I would recommend that you check the rollover documentation to understand more what is a rollover and how this works.
Basically when you use rollovers in an ILM policy, you use an alias for your indices and elasticsearch manages the backing indices, you can have a date pattern in the name of the backing indices, but they will match the date of the rollover, you will not have daily indices anymore.
You can use an alias named my-data-index-api-dev
and your backing indices would be something like my-data-index-api-dev-2024.12.04-000001
, where the 000001
will increment every time the index rollover.
When you use rollovers, you need to send the indexing requests to the alias, and elasticsearch will know which is the current writing index for that alias.

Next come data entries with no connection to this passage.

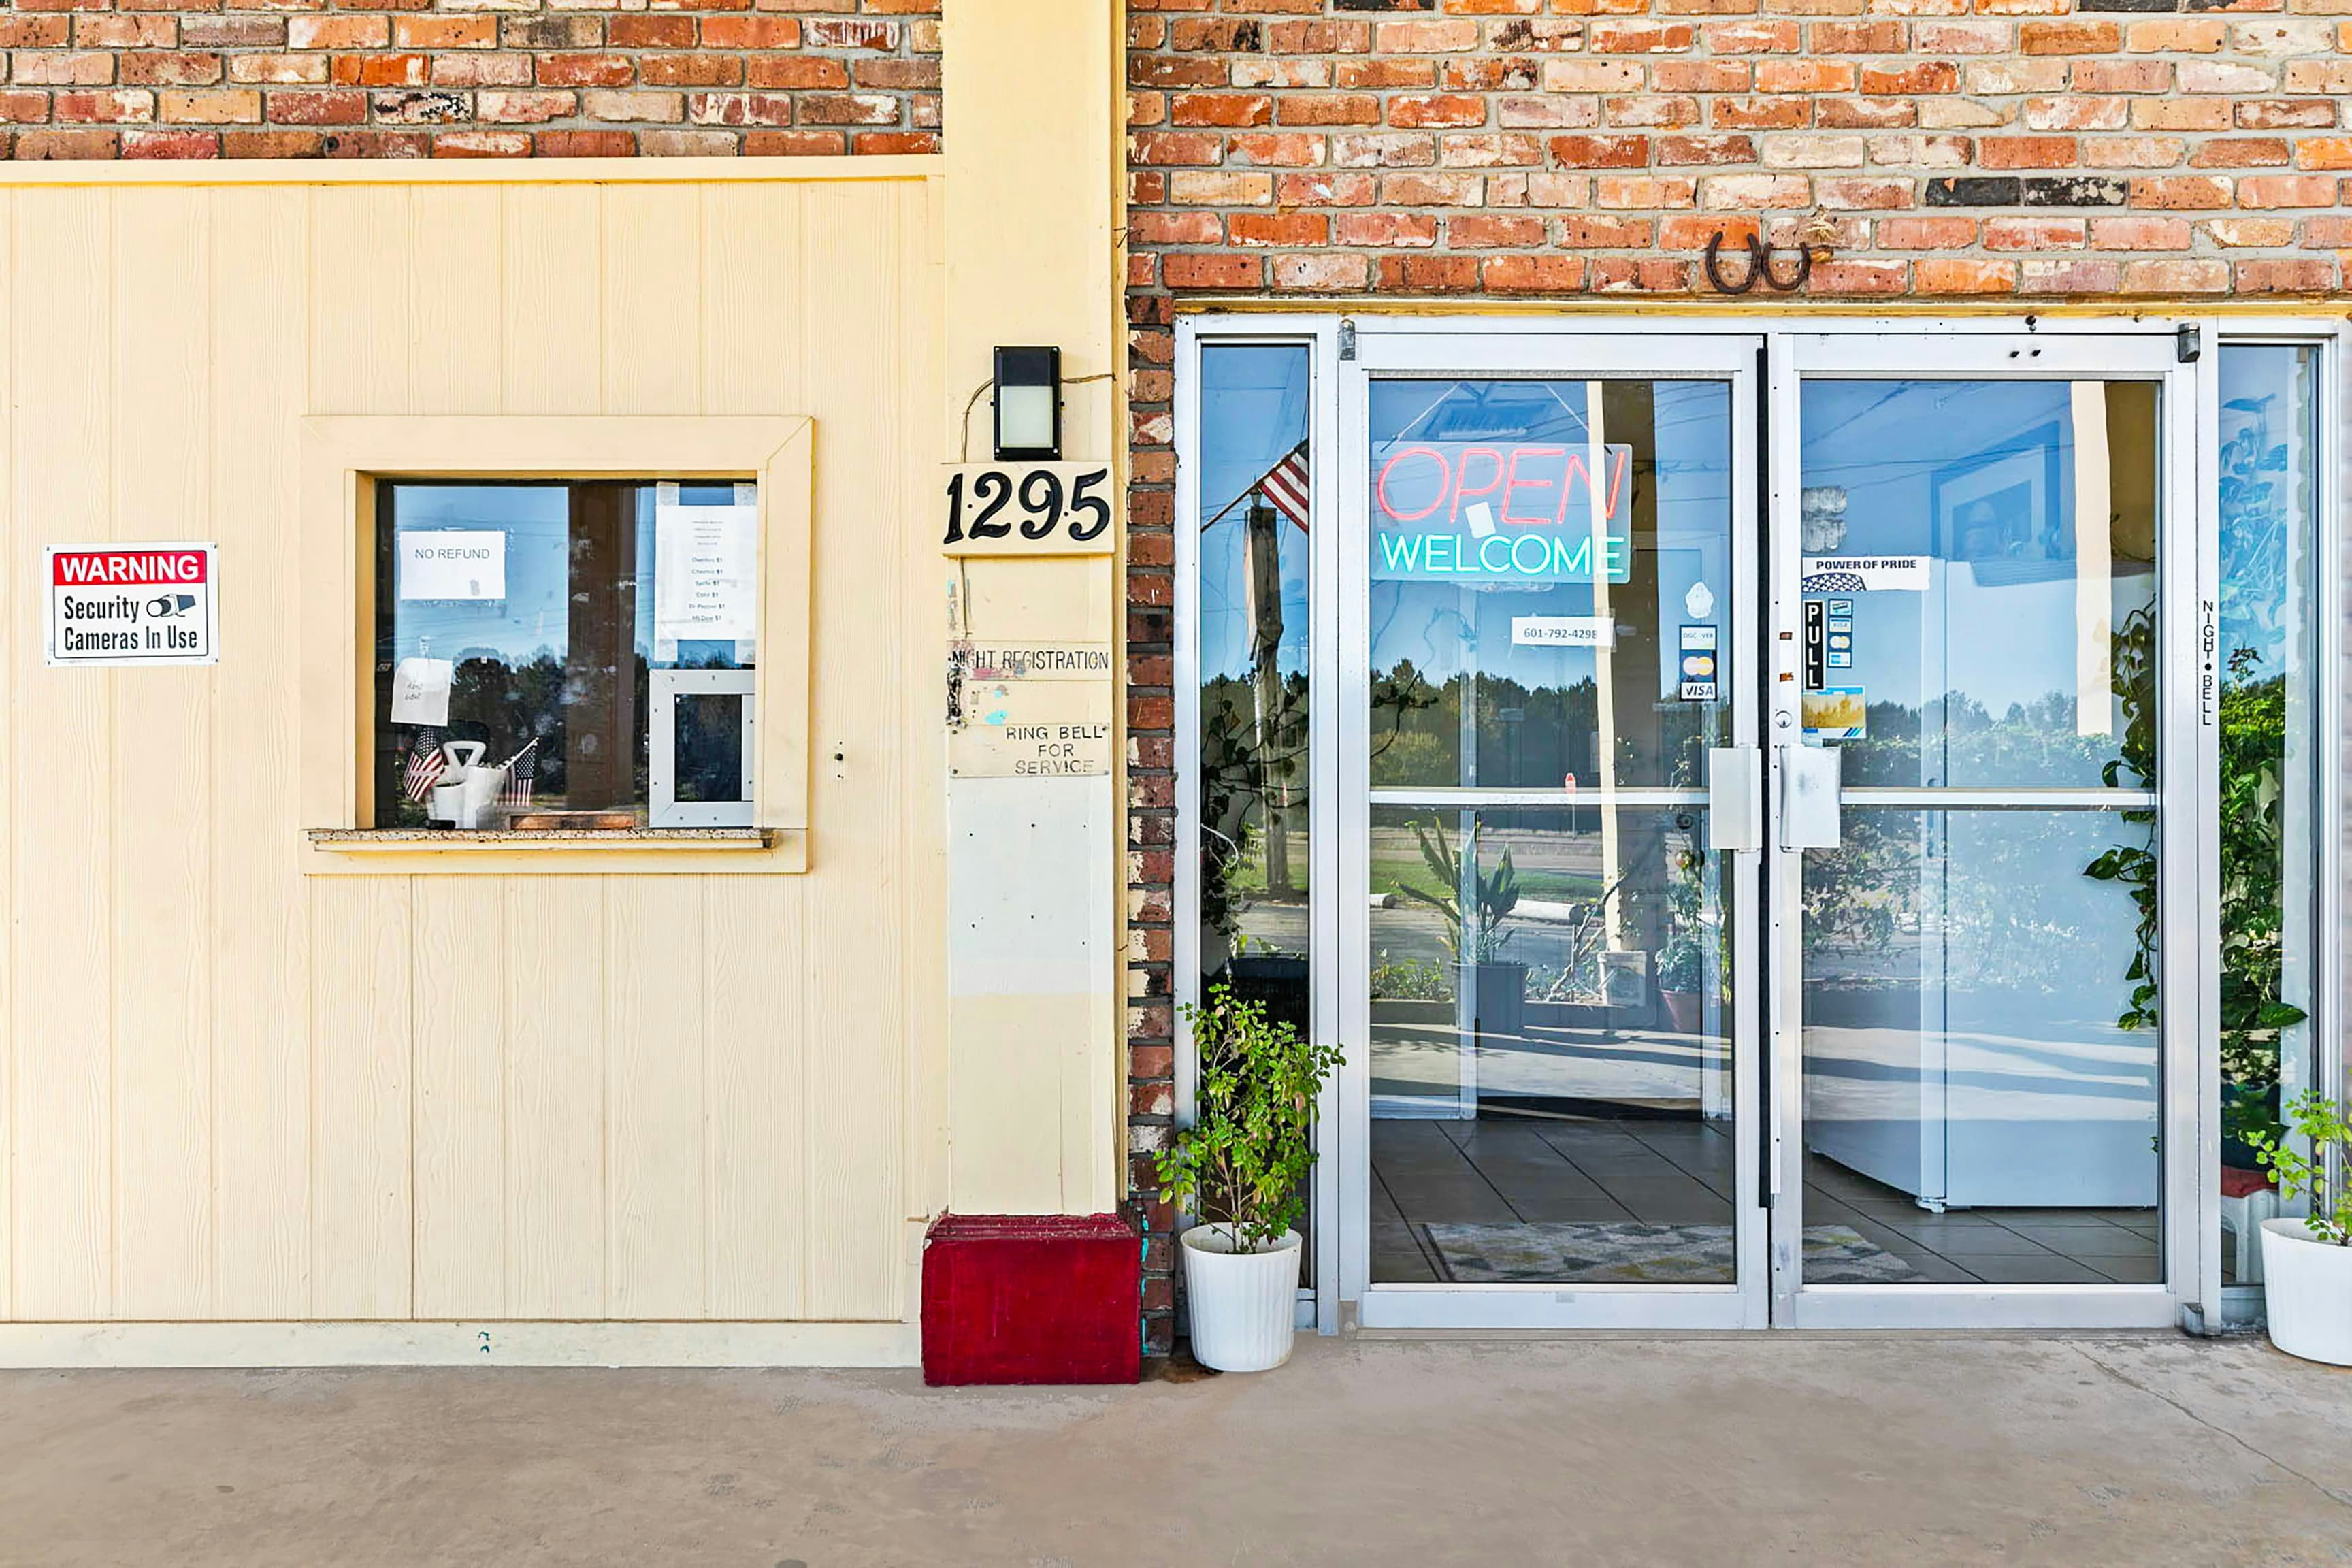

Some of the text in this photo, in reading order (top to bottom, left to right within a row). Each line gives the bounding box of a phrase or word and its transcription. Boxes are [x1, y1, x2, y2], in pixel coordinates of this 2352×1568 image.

[1377, 446, 1626, 524] OPEN
[943, 468, 1111, 544] 1295
[415, 549, 490, 559] NO REFUND
[1379, 532, 1625, 576] WELCOME
[1816, 559, 1917, 570] POWER OF PRIDE
[61, 555, 199, 582] WARNING
[65, 595, 139, 623] Security
[65, 625, 197, 651] Cameras In Use
[1524, 628, 1598, 640] 601-792-4298
[1808, 604, 1820, 687] PULL
[952, 651, 1109, 670] NIGHT REGISTRATION
[2203, 600, 2214, 725] NIGHT BELL
[1686, 685, 1714, 696] VISA
[1007, 725, 1103, 740] RING BELL
[1038, 744, 1074, 757] FOR
[1015, 760, 1094, 775] SERVICE

For example, if you use logstash, your index
option should be index => your-index-alias
and not index => your-index-name-%{+YYYY.mm.dd}
as used on daily indices.
I would say that the solution is to move away from daily index and use rollover by size to let Elasticsearch create the indices when needed.
I believe Curator has the ability to delete indices based on total size on disk like you are describing. You can use this instead of ILM for these indices, but be aware that it runs outside Elasticsearch and has to be invoked periodically, e.g. through a cron job.
During a load testing session, we encountered a situation where logs and traces were not visible on the Kibana UI, and the Stack Management page was inaccessible. To resolve this issue, we accessed the VM and manually deleted some indices to free up space, which restored the Kibana UI functionality. To prevent such scenarios in production, where data loss is unacceptable, we need to implement proactive measures such as monitoring disk usage, setting up index lifecycle policies (ILM) for automated index management, and ensuring sufficient storage capacity to handle load spikes.
Could you help us to overcome this situation or can you give us some solution for this.